Your assignment:
Please retype the data in full and exactly; the pictures are not part of the copy.

Records provided:
══════

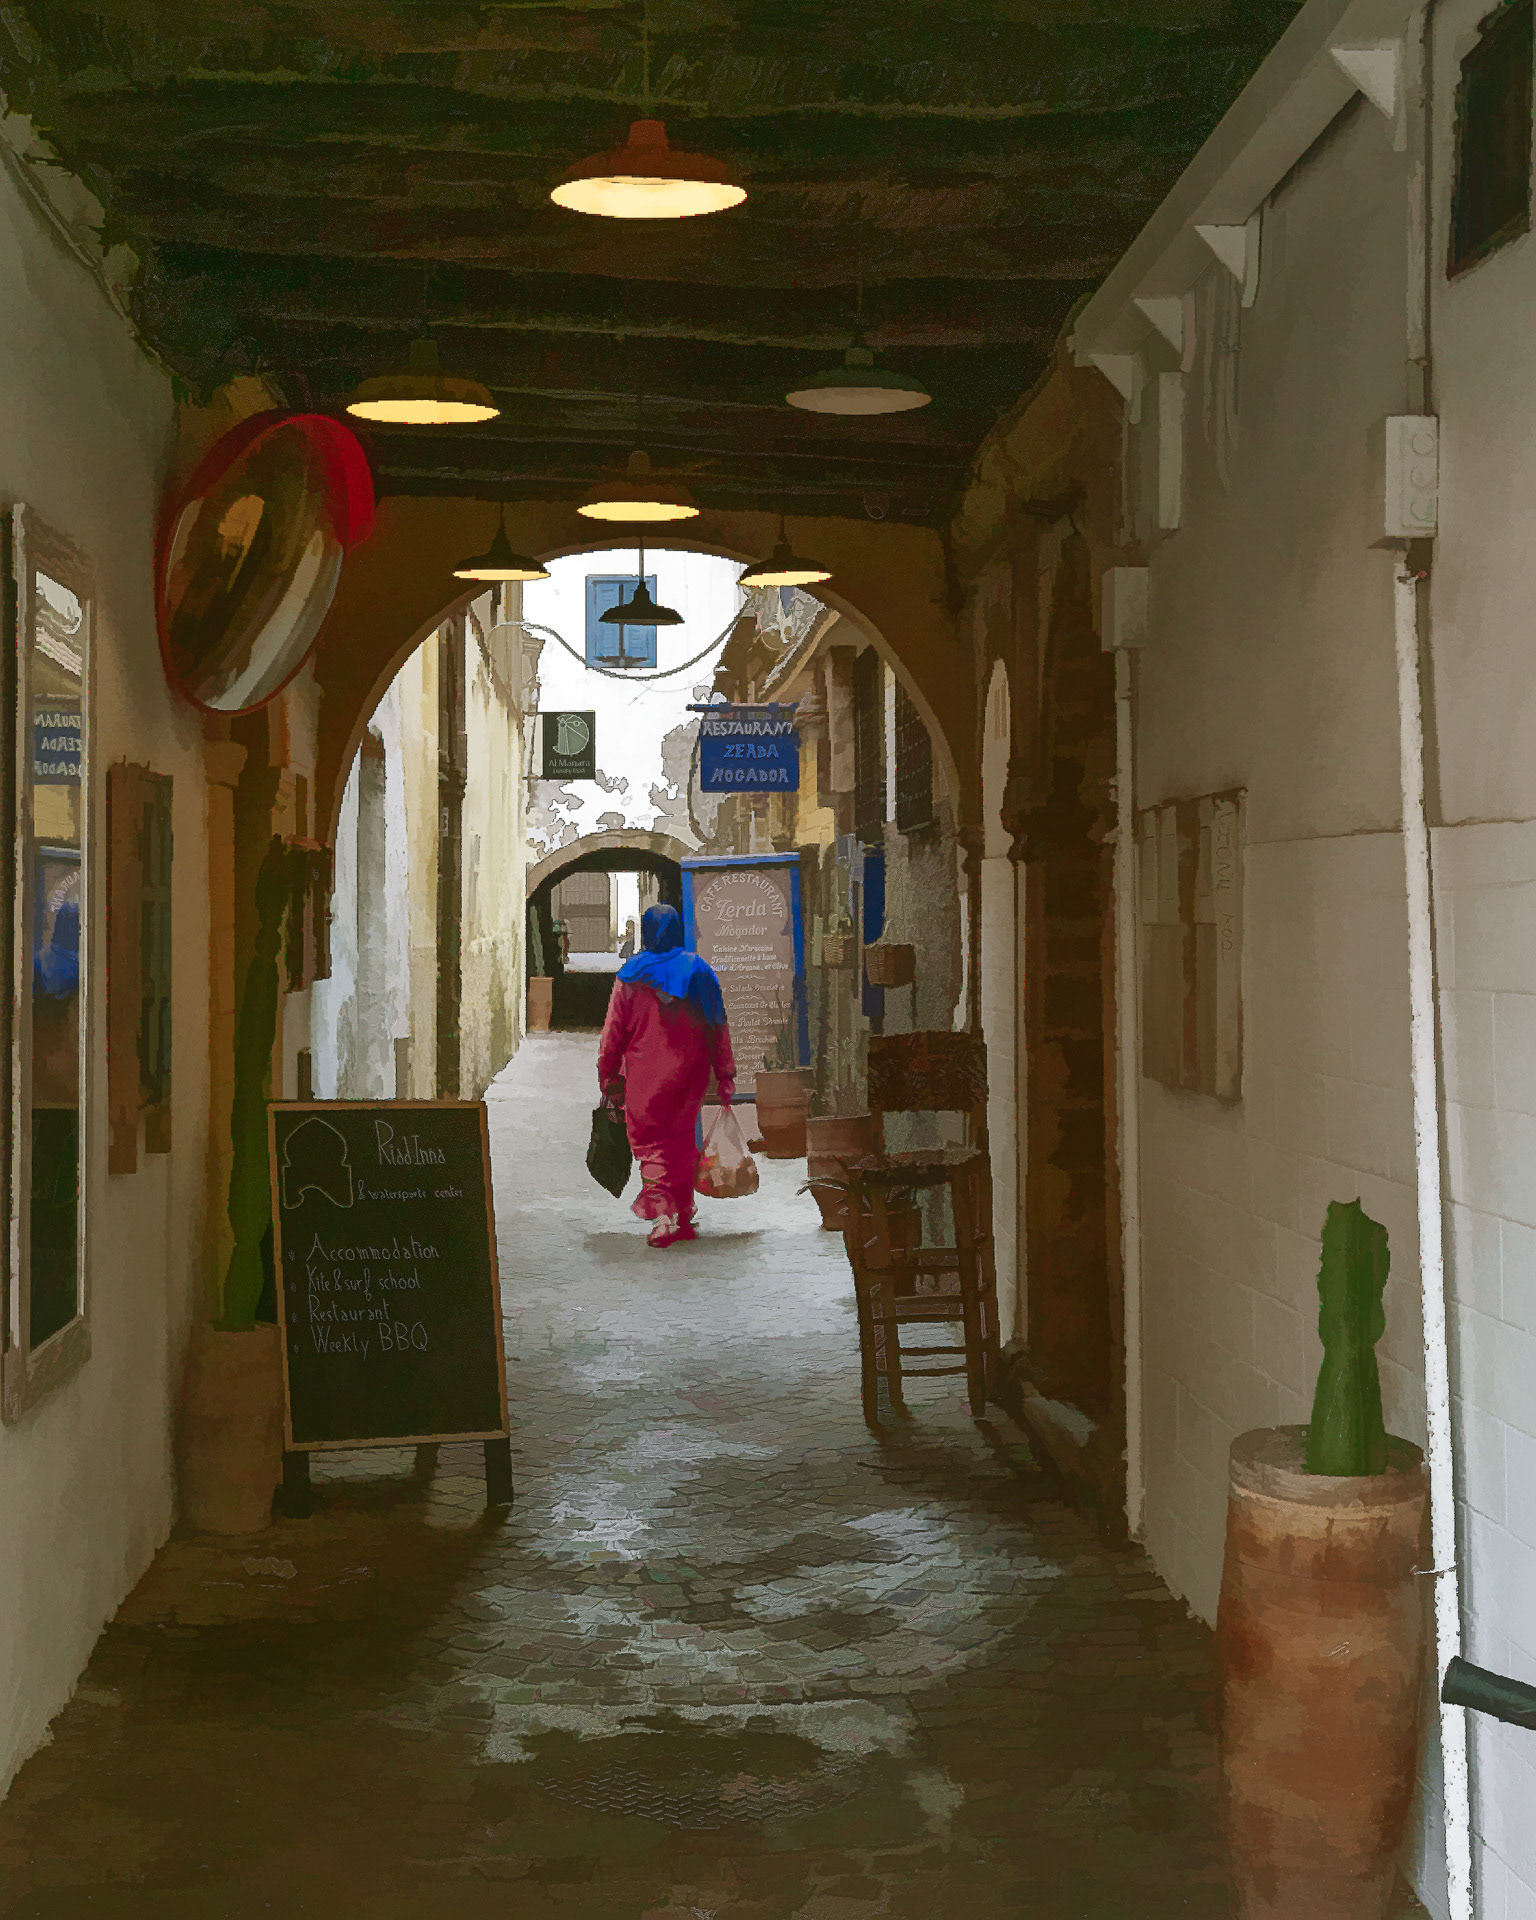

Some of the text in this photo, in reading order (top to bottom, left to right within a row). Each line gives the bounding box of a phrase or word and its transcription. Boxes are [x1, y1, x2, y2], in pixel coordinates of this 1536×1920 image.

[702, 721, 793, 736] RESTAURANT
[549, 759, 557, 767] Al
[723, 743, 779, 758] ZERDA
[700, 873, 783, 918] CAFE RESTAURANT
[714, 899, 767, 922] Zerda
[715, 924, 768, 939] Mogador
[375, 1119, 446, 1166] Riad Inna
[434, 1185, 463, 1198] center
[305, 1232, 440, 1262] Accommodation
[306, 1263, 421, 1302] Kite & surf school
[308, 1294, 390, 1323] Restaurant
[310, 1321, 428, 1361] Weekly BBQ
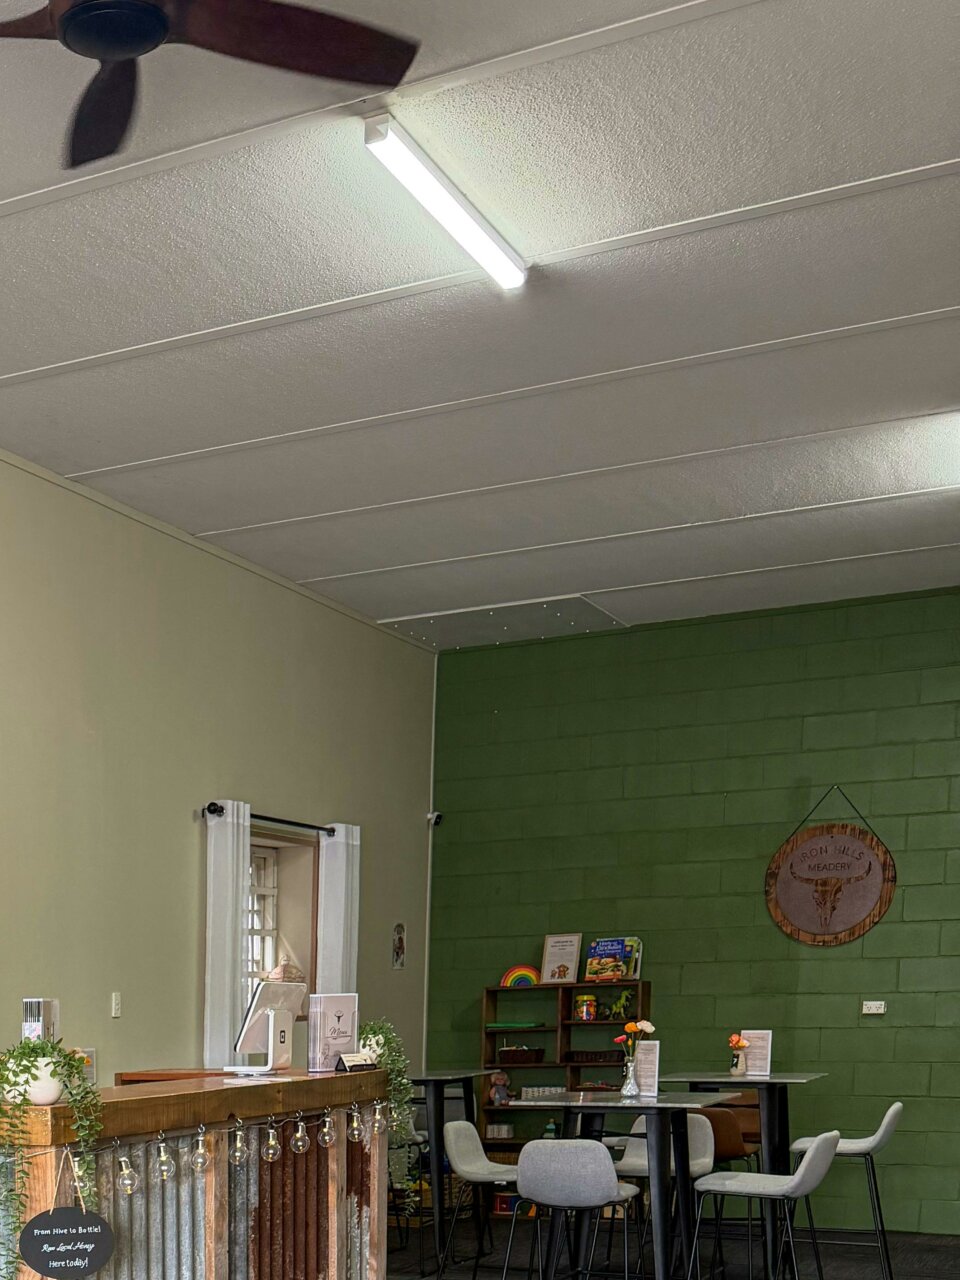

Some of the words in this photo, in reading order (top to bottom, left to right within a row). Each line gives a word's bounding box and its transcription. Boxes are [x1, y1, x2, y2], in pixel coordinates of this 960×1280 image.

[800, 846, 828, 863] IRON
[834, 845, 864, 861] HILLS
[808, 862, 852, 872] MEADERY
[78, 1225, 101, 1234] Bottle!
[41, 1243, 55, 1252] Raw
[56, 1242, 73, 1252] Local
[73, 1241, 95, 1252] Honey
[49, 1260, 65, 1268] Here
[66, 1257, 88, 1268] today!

══════

Solution:
Some of the text in this photo, in reading order (top to bottom, left to right within a row). Each line gives the bounding box of a phrase or word and its transcription. Boxes are [x1, y1, x2, y2], in pixel coordinates of this 1536×1920 image.

[702, 721, 793, 736] RESTAURANT
[549, 759, 557, 767] Al
[723, 743, 779, 758] ZERDA
[700, 873, 783, 918] CAFE RESTAURANT
[714, 899, 767, 922] Zerda
[715, 924, 768, 939] Mogador
[375, 1119, 446, 1166] Riad Inna
[434, 1185, 463, 1198] center
[305, 1232, 440, 1262] Accommodation
[306, 1263, 421, 1302] Kite & surf school
[308, 1294, 390, 1323] Restaurant
[310, 1321, 428, 1361] Weekly BBQ

Some of the words in this photo, in reading order (top to bottom, left to right within a row). Each line gives a word's bounding box and its transcription. Boxes are [x1, y1, x2, y2], in pixel coordinates of this 960×1280 image.

[800, 846, 828, 863] IRON
[834, 845, 864, 861] HILLS
[808, 862, 852, 872] MEADERY
[78, 1225, 101, 1234] Bottle!
[41, 1243, 55, 1252] Raw
[56, 1242, 73, 1252] Local
[73, 1241, 95, 1252] Honey
[49, 1260, 65, 1268] Here
[66, 1257, 88, 1268] today!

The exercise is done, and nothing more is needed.